Just like Detroit never shuts off the water of one guy because some other guy entirely didn't pay his bill.
Here's a problem with these student loans in general. If I'm going to buy a house and want a loan, they do some sort of look-seeing to make sure there's some possibility the loan will be repaid.
Not so with student loans.
Want to get your Ph.D. in underwater Tibetan feminist basketweaving? Well, here's a pile of money!
Until that changes -- until loans are tied to likelihood of their being paid back, well, there's going to be a lot of defaulting.
P.S. Basketweaving is hard as fuck. I actually went to a summer of art school at the University of Michigan. As far as I can remember, I don't think I was entirely driven to basketweave; I think I just thought it funny to say I'd taken that class, and figured I'd get something out of it.
via @radleybalko
Did you get some nice baskets out of it? Might be a useful skill if the apocalypse comes, donna need something to put your gathering in!
NicoleK at April 23, 2015 12:11 AM
I suck at basketmaking, but thanks for asking. It is seriously hard! Which I found hilarious, considering it's the thing people reach for to say something's easy.
Amy Alkon at April 23, 2015 4:54 AM
In Michigan, parents behind on child support are held in jail until they pay significantly on their arrearage.
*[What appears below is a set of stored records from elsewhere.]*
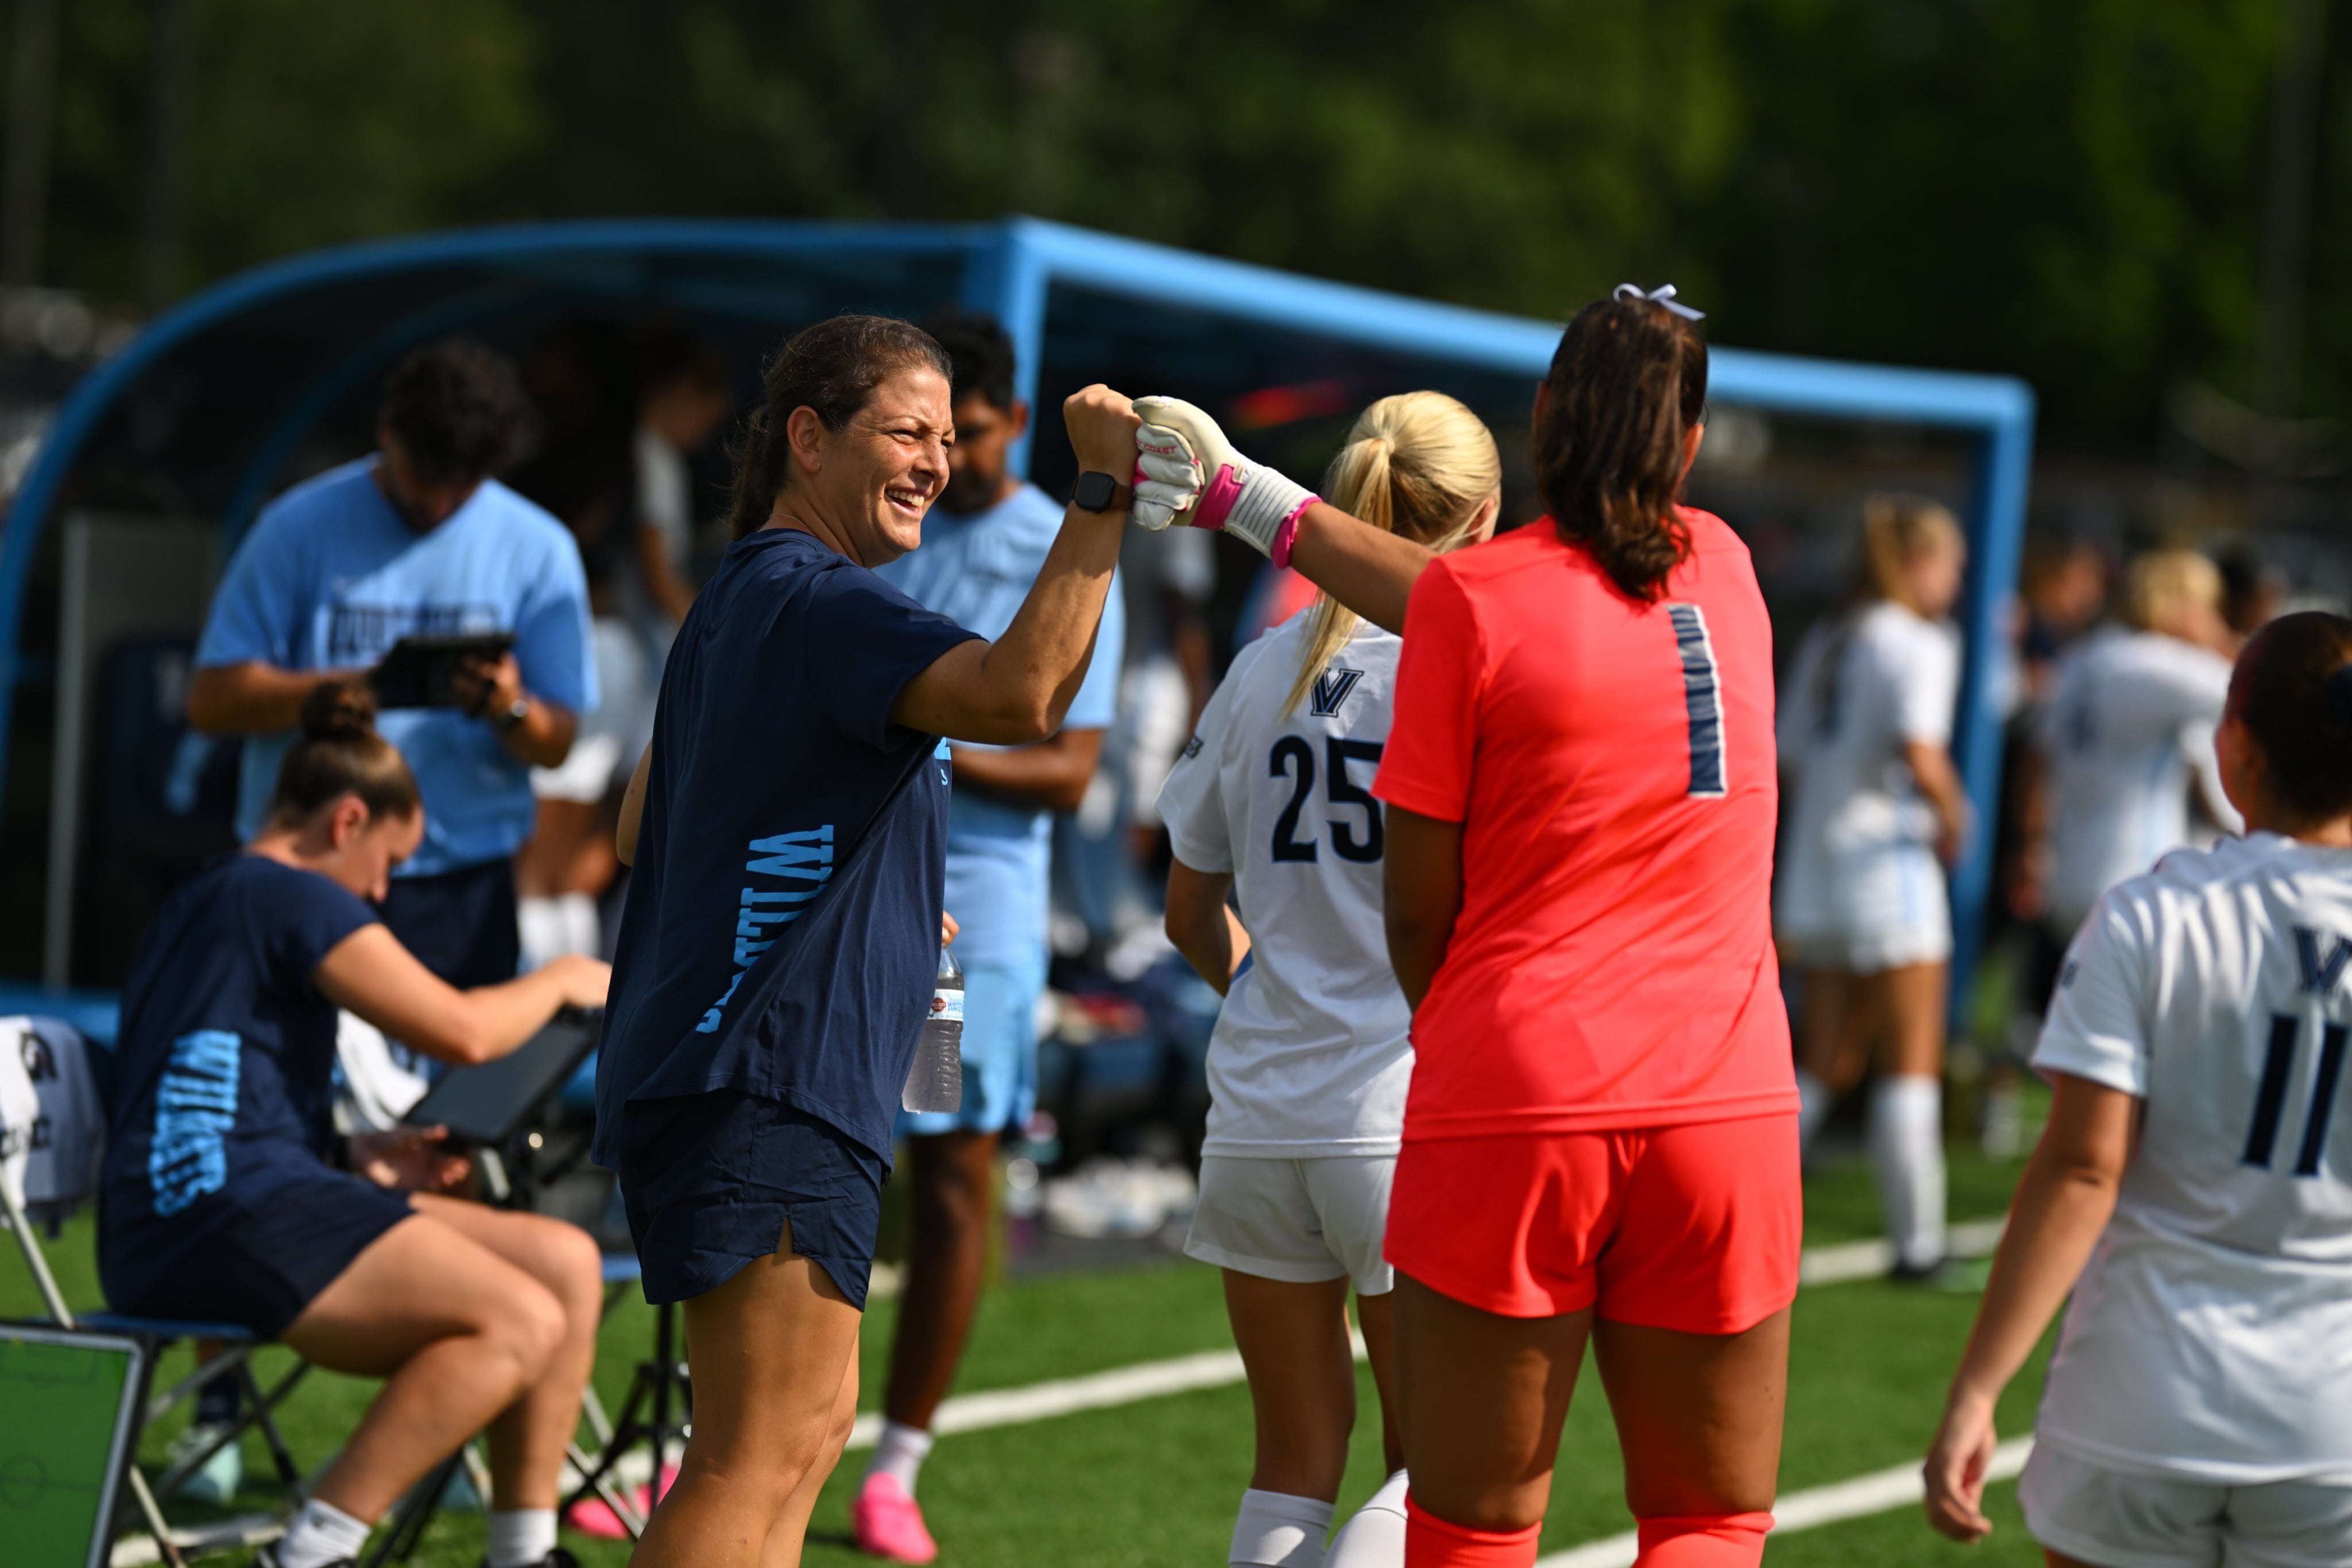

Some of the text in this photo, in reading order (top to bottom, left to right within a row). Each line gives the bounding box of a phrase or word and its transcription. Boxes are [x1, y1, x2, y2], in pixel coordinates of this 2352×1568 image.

[1143, 443, 1177, 455] COAST
[1310, 667, 1364, 718] V
[1664, 603, 1728, 798] 1
[1268, 733, 1386, 864] 25
[2293, 925, 2352, 995] V
[2239, 1012, 2349, 1177] 11
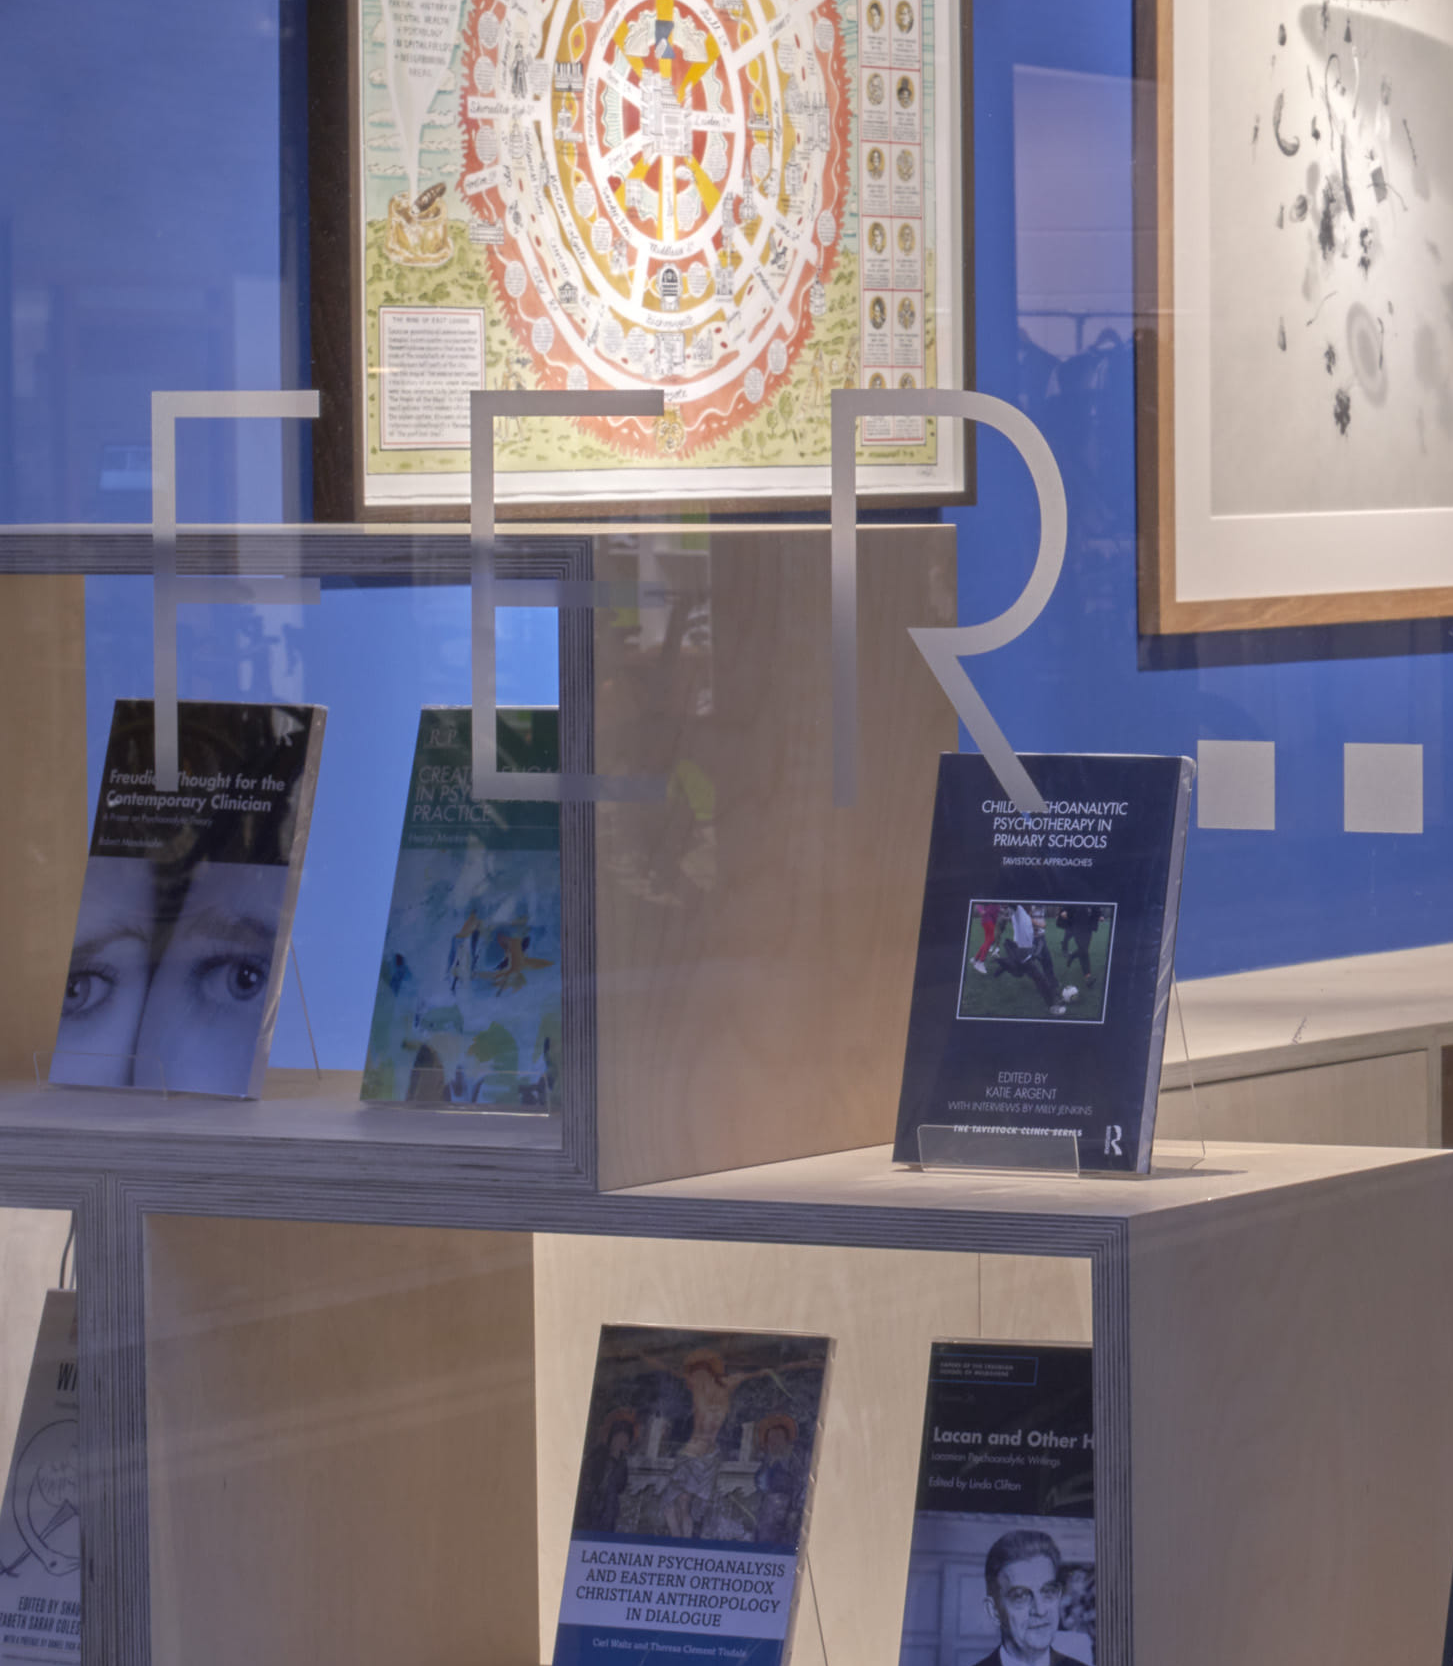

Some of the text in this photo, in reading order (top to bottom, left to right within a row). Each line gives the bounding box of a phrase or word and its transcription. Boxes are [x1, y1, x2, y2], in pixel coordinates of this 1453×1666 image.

Same great logic. I lost 2 of my 3 jobs when I got caught up in that net (I wasn't a deadbeat, but dead broke). Oh, and the arrearage came from a horrible decision by a judge that changed the Friend of the Court decision that I was over $10K overpaid to $21K behind.
I got arrested while I was CURRENT on the payment order that had already seen me pay down the arrearage by nearly half. While in jail, my arrearage increased, since I had no income, and as a result of losing the extra jobs, I could only keep current and not pay on the arrearage. In an ironic twist, had I been jailed for anything other than child support, I would have been granted an automatic freeze on child support payments during my stay as a guest of the county, and given bail that would have allowed me to keep working and making those insane payments. Gotta love government logic.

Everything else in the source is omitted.